What the task asks ▸
Word for word, repeat each of the records below.

- Opening Delimiter -

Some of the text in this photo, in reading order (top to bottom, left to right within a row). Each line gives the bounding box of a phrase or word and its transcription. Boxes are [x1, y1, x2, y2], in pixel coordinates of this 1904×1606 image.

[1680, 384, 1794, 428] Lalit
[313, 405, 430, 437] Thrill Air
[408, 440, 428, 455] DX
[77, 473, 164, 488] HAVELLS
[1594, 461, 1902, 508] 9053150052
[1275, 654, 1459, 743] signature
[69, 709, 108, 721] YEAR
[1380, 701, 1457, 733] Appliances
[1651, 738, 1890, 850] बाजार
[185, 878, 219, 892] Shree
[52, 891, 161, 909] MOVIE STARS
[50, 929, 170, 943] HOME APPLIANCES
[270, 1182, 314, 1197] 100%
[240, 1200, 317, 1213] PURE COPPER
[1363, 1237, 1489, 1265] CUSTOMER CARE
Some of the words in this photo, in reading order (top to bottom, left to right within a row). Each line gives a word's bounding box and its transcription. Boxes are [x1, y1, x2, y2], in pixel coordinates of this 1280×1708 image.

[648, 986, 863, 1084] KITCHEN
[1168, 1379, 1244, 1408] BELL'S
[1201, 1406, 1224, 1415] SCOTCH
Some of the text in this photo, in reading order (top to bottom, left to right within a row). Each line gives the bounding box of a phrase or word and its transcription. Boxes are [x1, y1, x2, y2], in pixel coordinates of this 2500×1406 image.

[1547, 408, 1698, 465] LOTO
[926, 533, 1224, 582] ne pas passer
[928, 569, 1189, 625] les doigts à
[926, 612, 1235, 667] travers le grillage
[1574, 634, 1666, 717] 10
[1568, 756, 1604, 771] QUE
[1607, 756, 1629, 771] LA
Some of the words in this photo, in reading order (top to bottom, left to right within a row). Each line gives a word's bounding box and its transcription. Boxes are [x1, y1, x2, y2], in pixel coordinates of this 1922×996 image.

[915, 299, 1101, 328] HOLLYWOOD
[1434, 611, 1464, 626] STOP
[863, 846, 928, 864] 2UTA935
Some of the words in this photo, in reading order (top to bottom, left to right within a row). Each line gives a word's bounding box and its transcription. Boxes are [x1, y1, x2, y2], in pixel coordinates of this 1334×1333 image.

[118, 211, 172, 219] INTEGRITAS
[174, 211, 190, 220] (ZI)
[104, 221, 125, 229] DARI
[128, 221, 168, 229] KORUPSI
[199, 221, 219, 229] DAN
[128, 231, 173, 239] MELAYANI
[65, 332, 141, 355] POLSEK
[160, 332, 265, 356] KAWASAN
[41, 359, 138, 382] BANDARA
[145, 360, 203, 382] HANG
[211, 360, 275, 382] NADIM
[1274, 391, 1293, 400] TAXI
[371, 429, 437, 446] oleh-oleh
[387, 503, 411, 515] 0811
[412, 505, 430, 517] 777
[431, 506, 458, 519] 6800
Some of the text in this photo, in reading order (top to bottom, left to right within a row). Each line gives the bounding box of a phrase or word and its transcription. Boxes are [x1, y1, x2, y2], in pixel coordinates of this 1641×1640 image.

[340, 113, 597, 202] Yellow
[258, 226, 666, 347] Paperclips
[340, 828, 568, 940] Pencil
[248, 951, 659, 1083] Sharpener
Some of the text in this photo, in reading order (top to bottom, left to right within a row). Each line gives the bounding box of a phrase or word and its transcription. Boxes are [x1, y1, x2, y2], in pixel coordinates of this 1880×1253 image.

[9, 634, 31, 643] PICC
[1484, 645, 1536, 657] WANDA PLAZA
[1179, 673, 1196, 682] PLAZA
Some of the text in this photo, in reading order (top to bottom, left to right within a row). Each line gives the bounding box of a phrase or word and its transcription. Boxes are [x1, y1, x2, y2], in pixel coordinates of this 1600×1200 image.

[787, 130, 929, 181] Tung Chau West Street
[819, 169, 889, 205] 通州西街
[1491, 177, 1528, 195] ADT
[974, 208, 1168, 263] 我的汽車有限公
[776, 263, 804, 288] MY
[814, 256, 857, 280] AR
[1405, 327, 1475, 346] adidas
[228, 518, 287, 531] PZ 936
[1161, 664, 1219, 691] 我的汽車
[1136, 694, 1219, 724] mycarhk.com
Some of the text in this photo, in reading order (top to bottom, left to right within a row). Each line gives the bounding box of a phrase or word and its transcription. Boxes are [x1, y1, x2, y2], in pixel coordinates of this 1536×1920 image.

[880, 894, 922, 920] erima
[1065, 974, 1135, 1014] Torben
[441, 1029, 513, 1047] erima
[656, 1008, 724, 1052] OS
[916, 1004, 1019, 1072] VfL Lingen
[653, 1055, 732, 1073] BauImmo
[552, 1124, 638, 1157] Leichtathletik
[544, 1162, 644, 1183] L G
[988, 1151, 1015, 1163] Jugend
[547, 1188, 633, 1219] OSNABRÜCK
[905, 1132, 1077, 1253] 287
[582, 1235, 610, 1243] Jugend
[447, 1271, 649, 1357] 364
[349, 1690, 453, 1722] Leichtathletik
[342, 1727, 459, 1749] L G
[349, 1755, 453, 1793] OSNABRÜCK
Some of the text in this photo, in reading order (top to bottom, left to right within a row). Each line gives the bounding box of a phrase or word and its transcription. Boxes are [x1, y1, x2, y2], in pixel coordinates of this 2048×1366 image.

- Closing Delimiter -

Task output ▸
Some of the text in this photo, in reading order (top to bottom, left to right within a row). Each line gives the bounding box of a phrase or word and its transcription. Boxes are [x1, y1, x2, y2], in pixel coordinates of this 1904×1606 image.

[1680, 384, 1794, 428] Lalit
[313, 405, 430, 437] Thrill Air
[408, 440, 428, 455] DX
[77, 473, 164, 488] HAVELLS
[1594, 461, 1902, 508] 9053150052
[1275, 654, 1459, 743] signature
[69, 709, 108, 721] YEAR
[1380, 701, 1457, 733] Appliances
[1651, 738, 1890, 850] बाजार
[185, 878, 219, 892] Shree
[52, 891, 161, 909] MOVIE STARS
[50, 929, 170, 943] HOME APPLIANCES
[270, 1182, 314, 1197] 100%
[240, 1200, 317, 1213] PURE COPPER
[1363, 1237, 1489, 1265] CUSTOMER CARE
Some of the words in this photo, in reading order (top to bottom, left to right within a row). Each line gives a word's bounding box and its transcription. Boxes are [x1, y1, x2, y2], in pixel coordinates of this 1280×1708 image.

[648, 986, 863, 1084] KITCHEN
[1168, 1379, 1244, 1408] BELL'S
[1201, 1406, 1224, 1415] SCOTCH
Some of the text in this photo, in reading order (top to bottom, left to right within a row). Each line gives the bounding box of a phrase or word and its transcription. Boxes are [x1, y1, x2, y2], in pixel coordinates of this 2500×1406 image.

[1547, 408, 1698, 465] LOTO
[926, 533, 1224, 582] ne pas passer
[928, 569, 1189, 625] les doigts à
[926, 612, 1235, 667] travers le grillage
[1574, 634, 1666, 717] 10
[1568, 756, 1604, 771] QUE
[1607, 756, 1629, 771] LA
Some of the words in this photo, in reading order (top to bottom, left to right within a row). Each line gives a word's bounding box and its transcription. Boxes are [x1, y1, x2, y2], in pixel coordinates of this 1922×996 image.

[915, 299, 1101, 328] HOLLYWOOD
[1434, 611, 1464, 626] STOP
[863, 846, 928, 864] 2UTA935
Some of the words in this photo, in reading order (top to bottom, left to right within a row). Each line gives a word's bounding box and its transcription. Boxes are [x1, y1, x2, y2], in pixel coordinates of this 1334×1333 image.

[118, 211, 172, 219] INTEGRITAS
[174, 211, 190, 220] (ZI)
[104, 221, 125, 229] DARI
[128, 221, 168, 229] KORUPSI
[199, 221, 219, 229] DAN
[128, 231, 173, 239] MELAYANI
[65, 332, 141, 355] POLSEK
[160, 332, 265, 356] KAWASAN
[41, 359, 138, 382] BANDARA
[145, 360, 203, 382] HANG
[211, 360, 275, 382] NADIM
[1274, 391, 1293, 400] TAXI
[371, 429, 437, 446] oleh-oleh
[387, 503, 411, 515] 0811
[412, 505, 430, 517] 777
[431, 506, 458, 519] 6800
Some of the text in this photo, in reading order (top to bottom, left to right within a row). Each line gives the bounding box of a phrase or word and its transcription. Boxes are [x1, y1, x2, y2], in pixel coordinates of this 1641×1640 image.

[340, 113, 597, 202] Yellow
[258, 226, 666, 347] Paperclips
[340, 828, 568, 940] Pencil
[248, 951, 659, 1083] Sharpener
Some of the text in this photo, in reading order (top to bottom, left to right within a row). Each line gives the bounding box of a phrase or word and its transcription. Boxes are [x1, y1, x2, y2], in pixel coordinates of this 1880×1253 image.

[9, 634, 31, 643] PICC
[1484, 645, 1536, 657] WANDA PLAZA
[1179, 673, 1196, 682] PLAZA
Some of the text in this photo, in reading order (top to bottom, left to right within a row). Each line gives the bounding box of a phrase or word and its transcription. Boxes are [x1, y1, x2, y2], in pixel coordinates of this 1600×1200 image.

[787, 130, 929, 181] Tung Chau West Street
[819, 169, 889, 205] 通州西街
[1491, 177, 1528, 195] ADT
[974, 208, 1168, 263] 我的汽車有限公
[776, 263, 804, 288] MY
[814, 256, 857, 280] AR
[1405, 327, 1475, 346] adidas
[228, 518, 287, 531] PZ 936
[1161, 664, 1219, 691] 我的汽車
[1136, 694, 1219, 724] mycarhk.com
Some of the text in this photo, in reading order (top to bottom, left to right within a row). Each line gives the bounding box of a phrase or word and its transcription. Boxes are [x1, y1, x2, y2], in pixel coordinates of this 1536×1920 image.

[880, 894, 922, 920] erima
[1065, 974, 1135, 1014] Torben
[441, 1029, 513, 1047] erima
[656, 1008, 724, 1052] OS
[916, 1004, 1019, 1072] VfL Lingen
[653, 1055, 732, 1073] BauImmo
[552, 1124, 638, 1157] Leichtathletik
[544, 1162, 644, 1183] L G
[988, 1151, 1015, 1163] Jugend
[547, 1188, 633, 1219] OSNABRÜCK
[905, 1132, 1077, 1253] 287
[582, 1235, 610, 1243] Jugend
[447, 1271, 649, 1357] 364
[349, 1690, 453, 1722] Leichtathletik
[342, 1727, 459, 1749] L G
[349, 1755, 453, 1793] OSNABRÜCK
Some of the text in this photo, in reading order (top to bottom, left to right within a row). Each line gives the bounding box of a phrase or word and its transcription. Boxes are [x1, y1, x2, y2], in pixel coordinates of this 2048×1366 image.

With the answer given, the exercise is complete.